El proyecto pedagógico de la generación del 900

José Martí y la educación para Nuestra América:

El pensamiento martiniano es poseedor de un carácter revolucionario. Su obra está caracterizada por el humanismo práctico enriquecido y elevado con una proyección liberadora –impresa en su concepción de la educación-. Su pensamiento podría calificarse de abierto, integrador y didáctico.

José Martí tomaba a la naturaleza como fuente de inspiración y de conocimiento. Los modos en que reflejó el carácter de la época que le tocó vivir influyeron de forma directa y decisiva en la configuración de una concepción sobre el proceso de formación del hombre.

“Educar es depositar en cada hombre toda la obra humana que lo ha antecedido, es hacer a cada hombre resumen del mundo viviente, hasta el día en que vive: es ponerlo al nivel de su tiempo, para que flote sobre él y no dejarlo debajo de su tiempo, con lo que no podrá salir a flote; es preparar al hombre para la vida” (Martí, 1953, t. XXIII: 278)

O sea, asumió la educación como un proceso de transmisión de experiencia histórico-social de unas generaciones a otras, hasta que el hombre sea “resumen” de todo lo más significativo de la cultura que le antecedió y pueda estar al nivel de la actual, o de lo que es novedad en cada época, para asimilarla y contribuir con su talento y esfuerzo a su transformación y engrandecimiento.

Defiende el practicismo como alternativa pedagógica ante la educación memorista y enciclopedista.
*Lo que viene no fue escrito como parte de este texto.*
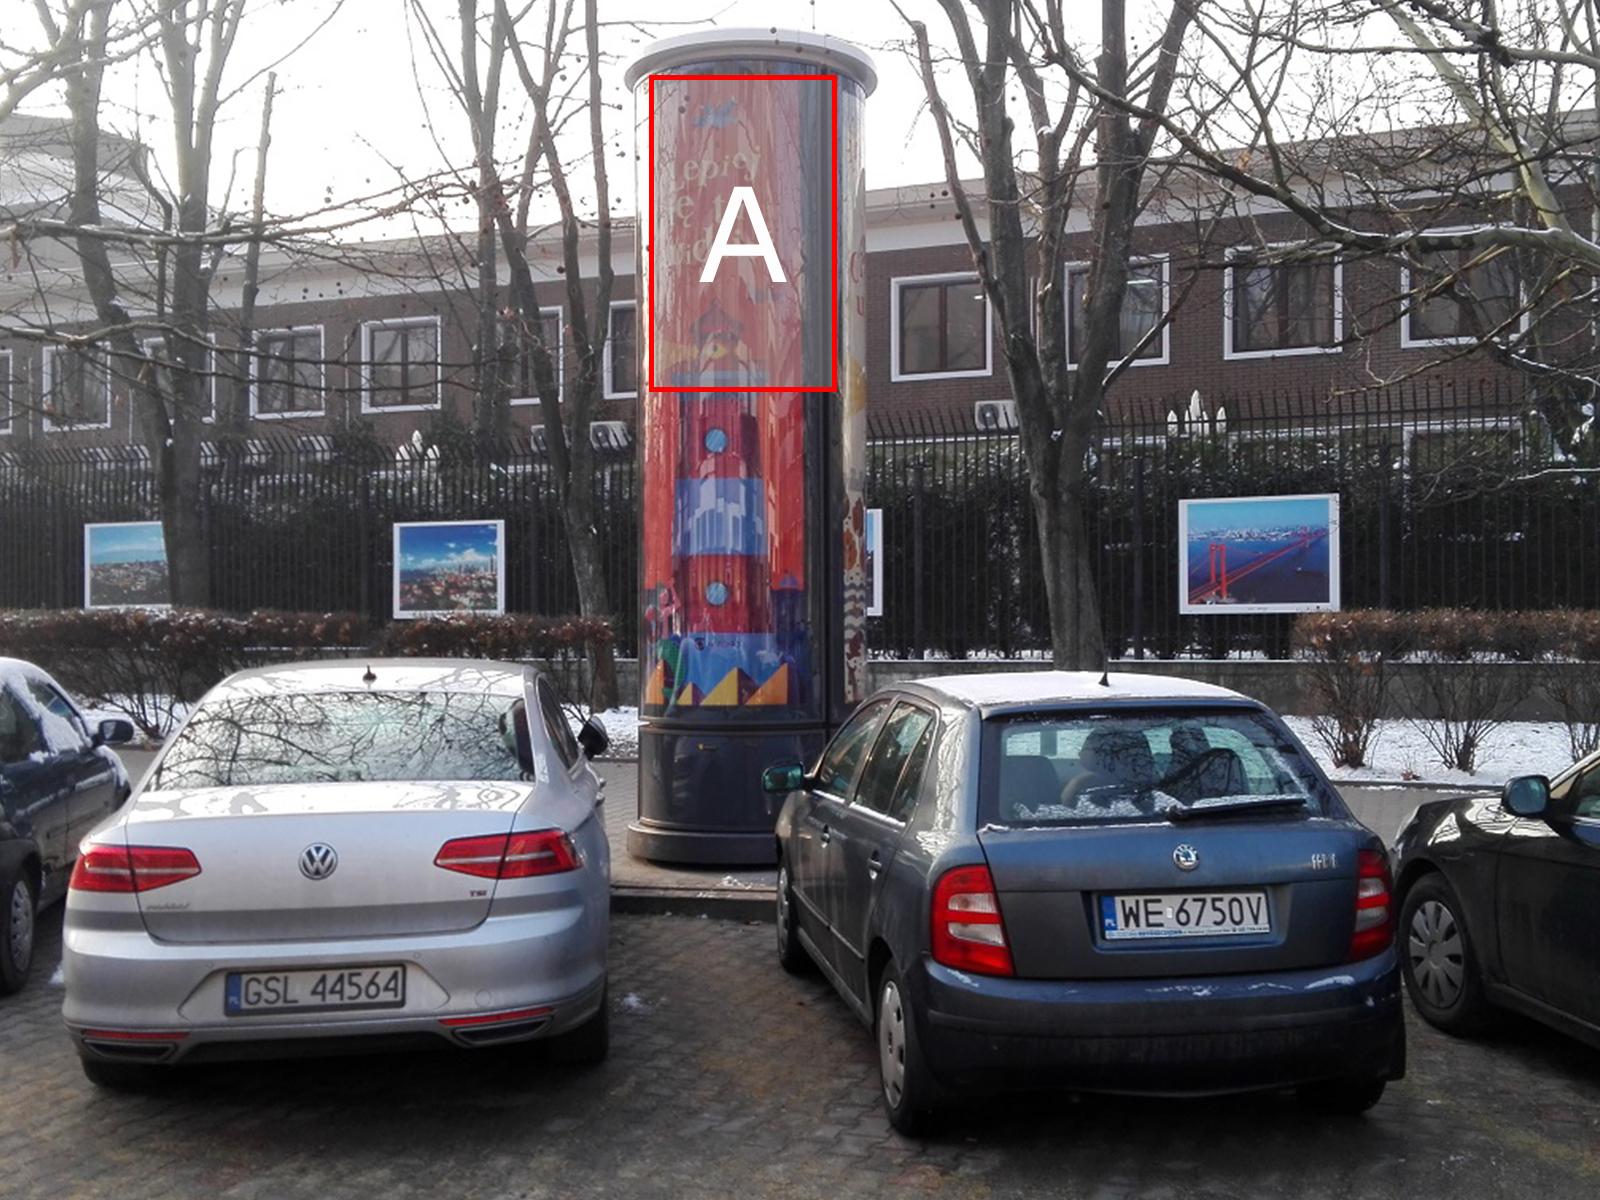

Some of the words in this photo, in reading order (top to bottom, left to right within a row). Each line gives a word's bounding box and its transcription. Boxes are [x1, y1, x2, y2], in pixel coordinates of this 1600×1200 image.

[1121, 898, 1164, 928] WE
[1175, 896, 1262, 927] 6750V
[244, 975, 299, 1006] GSL
[310, 970, 399, 1002] 44564
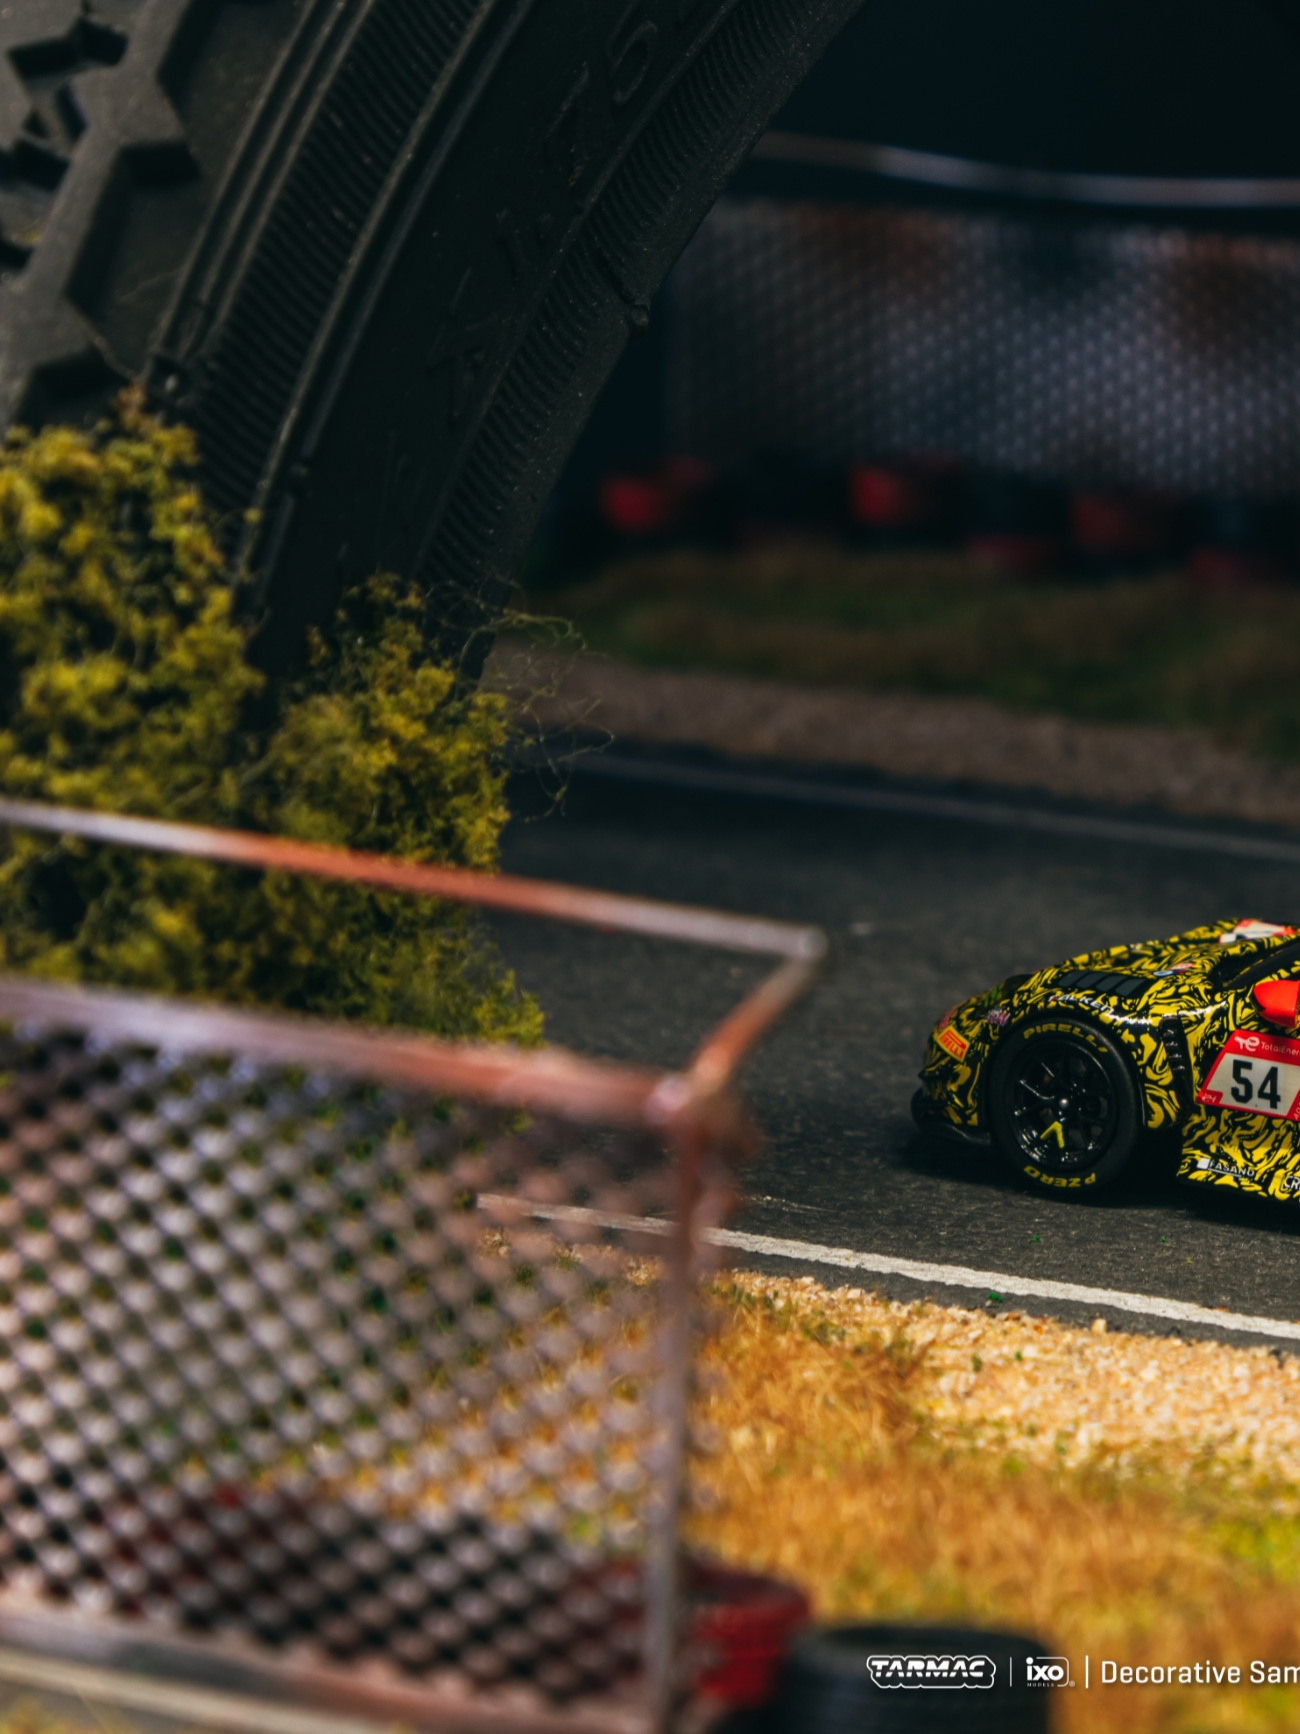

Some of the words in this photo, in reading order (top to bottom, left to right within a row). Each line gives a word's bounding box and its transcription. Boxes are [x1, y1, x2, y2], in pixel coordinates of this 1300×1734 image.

Plantea la unidad entre lo práctico y lo trascendental como polos no contradictorios.

Demandó que la formación del hombre concordase con su país natal. Educar desde y para la identidad se presenta como alternativa liberadora ante los peligros que acechan el continente.

La concepción de la educación en la obra de martí posee una lógica interna que se integra en un núcleo vital: la educación como preparación del hombre para la vida. Esta preparación se manifiesta a través de un conjunto de líneas directrices que responden a un fundamento histórico-lógico a escala continental.

¿Qué es el conocimiento para Martí?

“Conocer es resolver. Conocer el país y gobernarlo conforme al conocimiento es el único modo de librarlo de tiranías. La universidad europea ha de ceder a la universidad americana.” (Martí, 1938:84)

Martí pone el programa en el camino principal: la unión continental. Es decir, priorizar y jerarquizar una acción donde la educación sea liberadora y no reproductora de mecanismos de perpetuación de subordinación cultural.

Manuel Ugarte: educar para consolidar la identidad nacional

En su obra “El porvenir de la América española” se observan las dimensiones constitutivas de su pensamiento político continental, canalizadas a través de una variable principal conformada por el problema de la cuestión nacional y por tres variables dependientes: la cuestión social, la cuestión económica y la cuestión cultural.

Ugarte propone la armonización de los planes de educación de los países de América latina priorizando en ellos los rasgos comunes acerca de la unidad cultural.

Núcleo movilizador de su concepción: (…) la patria seguirá siendo en este sentido un instrumento de independencia y una condición indispensable para el desarrollo integral del hombre.

El nacionalismo de Ugarte era implícitamente democrático.

¿Sobre qué bases culturales se debe señalar un proyecto educativo en América Latina?

Bastaría reunir los fragmentos de la raza y sacar a la luz las raíces de nacionalidad, para ofrecer al conjunto la bandera lógica, el ideal tangible y la seguridad en las propias fuerzas que necesita un pueblo para afianzar sus destinos (…) (249-250).

Ugarte no se limita a la mera crítica sino que avanza sobre un programa pedagógico. Plantea claramente cuáles son las herramientas alternativas al sistema del positivismo en la educación:

– Dar volumen a la personalidad humana en sus tres aspectos: mediante una educación física, una educación intelectual y una educación moral.